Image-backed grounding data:
# # #
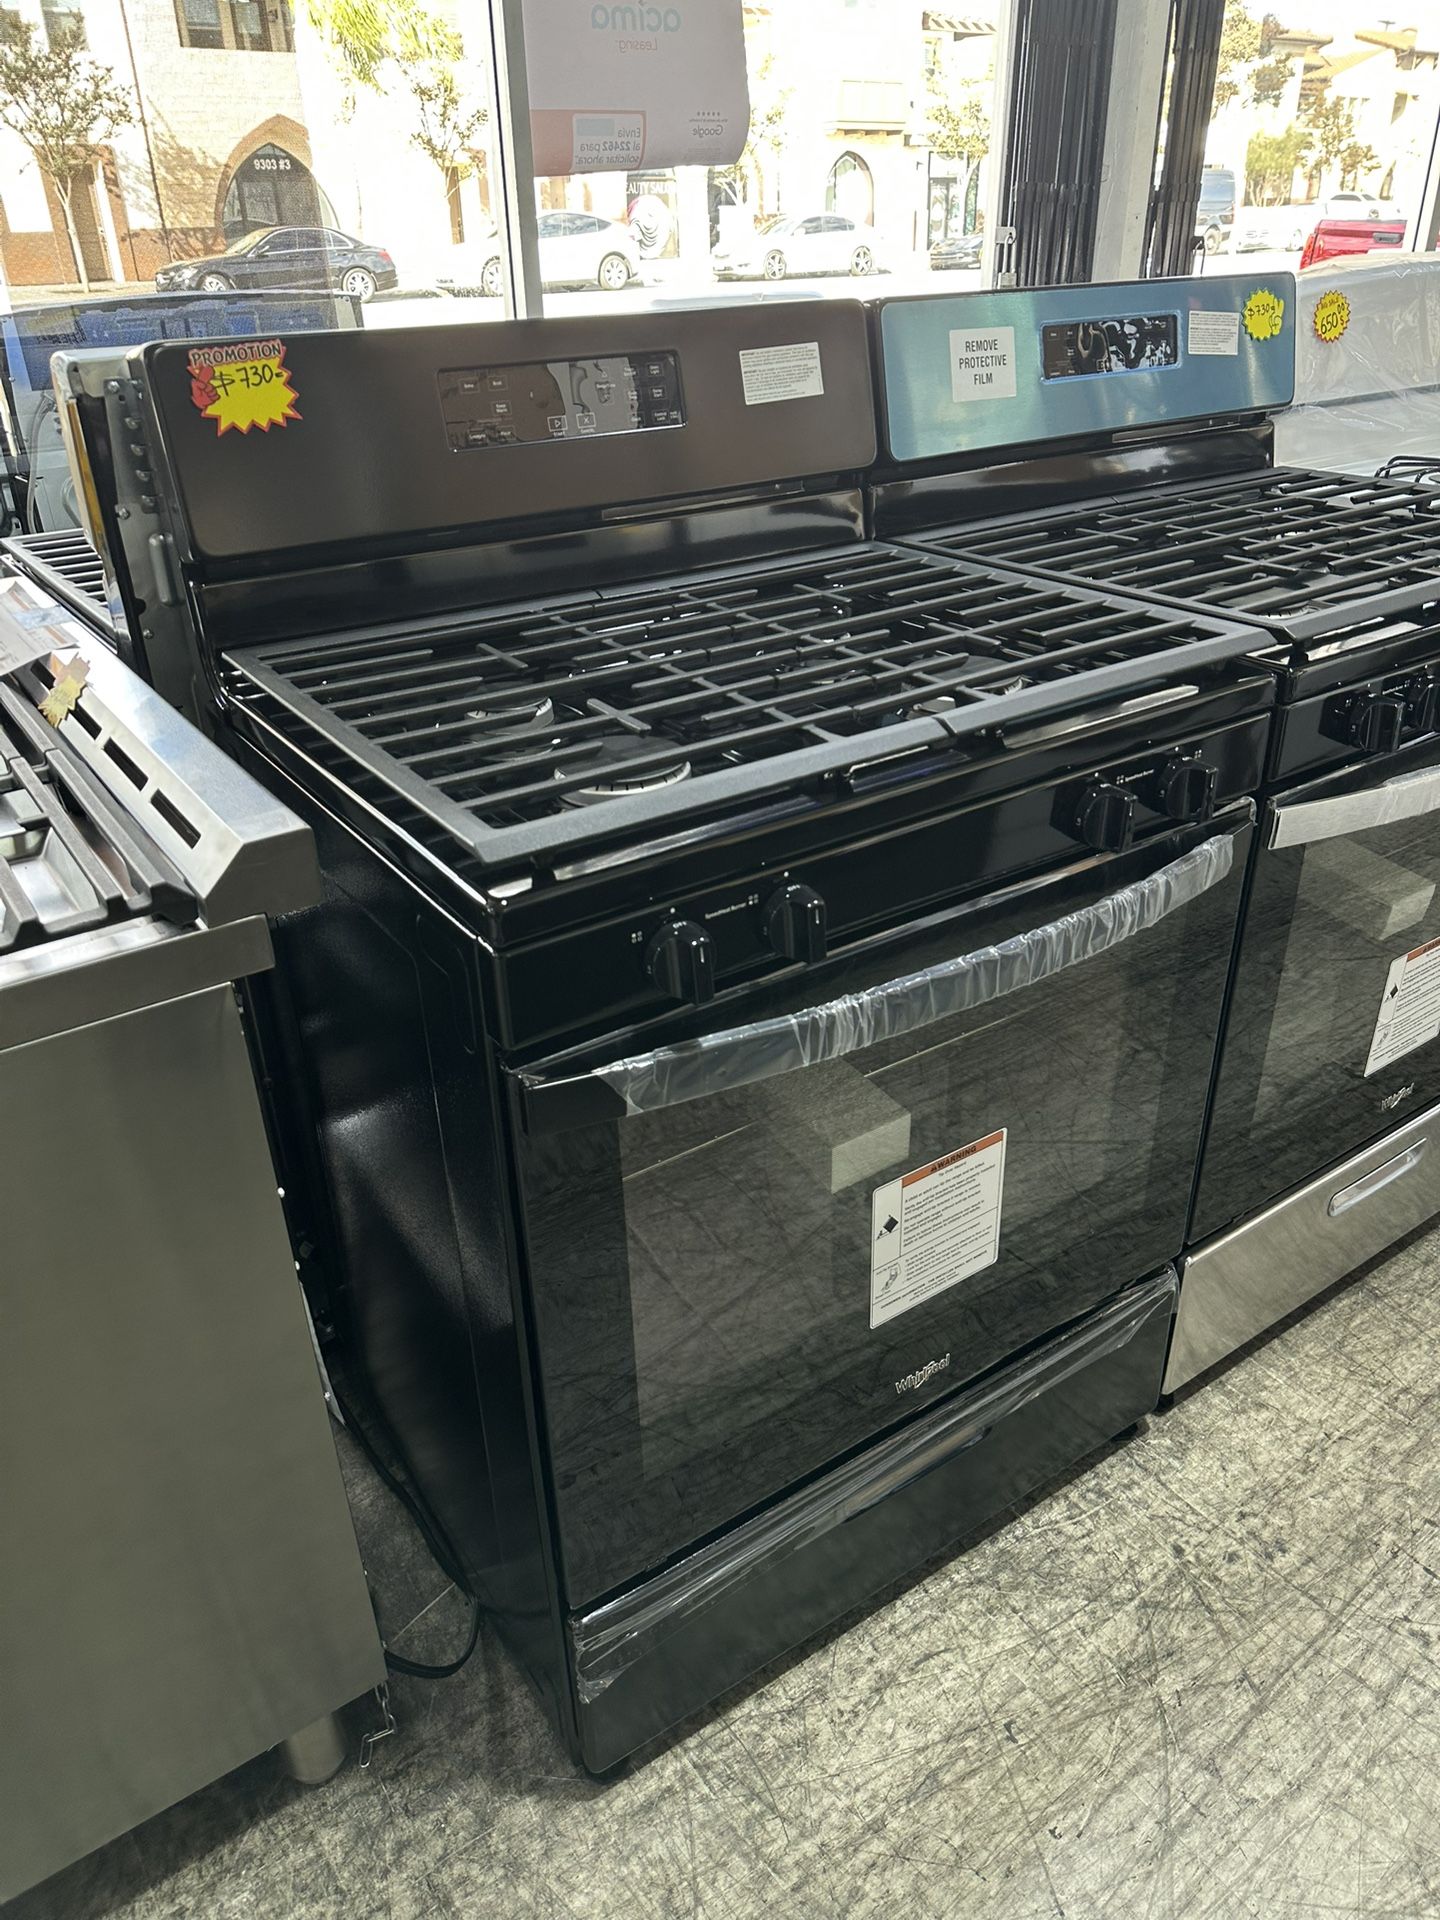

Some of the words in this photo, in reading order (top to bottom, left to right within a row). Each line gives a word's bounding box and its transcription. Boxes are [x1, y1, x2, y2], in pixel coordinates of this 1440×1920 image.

[253, 158, 277, 170] 9303
[278, 158, 291, 170] #3
[965, 339, 998, 353] REMOVE
[191, 342, 282, 367] PROMOTION
[959, 354, 1007, 370] PROTECTIVE
[973, 372, 993, 385] FILM
[935, 1145, 978, 1171] WARNING
[895, 1353, 951, 1394] Whirlpool
# # #
What is needed -> Each entry above is to be duplicated exactly, and its pictures omitted.

Exercise result ->
Some of the words in this photo, in reading order (top to bottom, left to right within a row). Each line gives a word's bounding box and its transcription. Boxes are [x1, y1, x2, y2], in pixel coordinates of this 1440×1920 image.

[253, 158, 277, 170] 9303
[278, 158, 291, 170] #3
[965, 339, 998, 353] REMOVE
[191, 342, 282, 367] PROMOTION
[959, 354, 1007, 370] PROTECTIVE
[973, 372, 993, 385] FILM
[935, 1145, 978, 1171] WARNING
[895, 1353, 951, 1394] Whirlpool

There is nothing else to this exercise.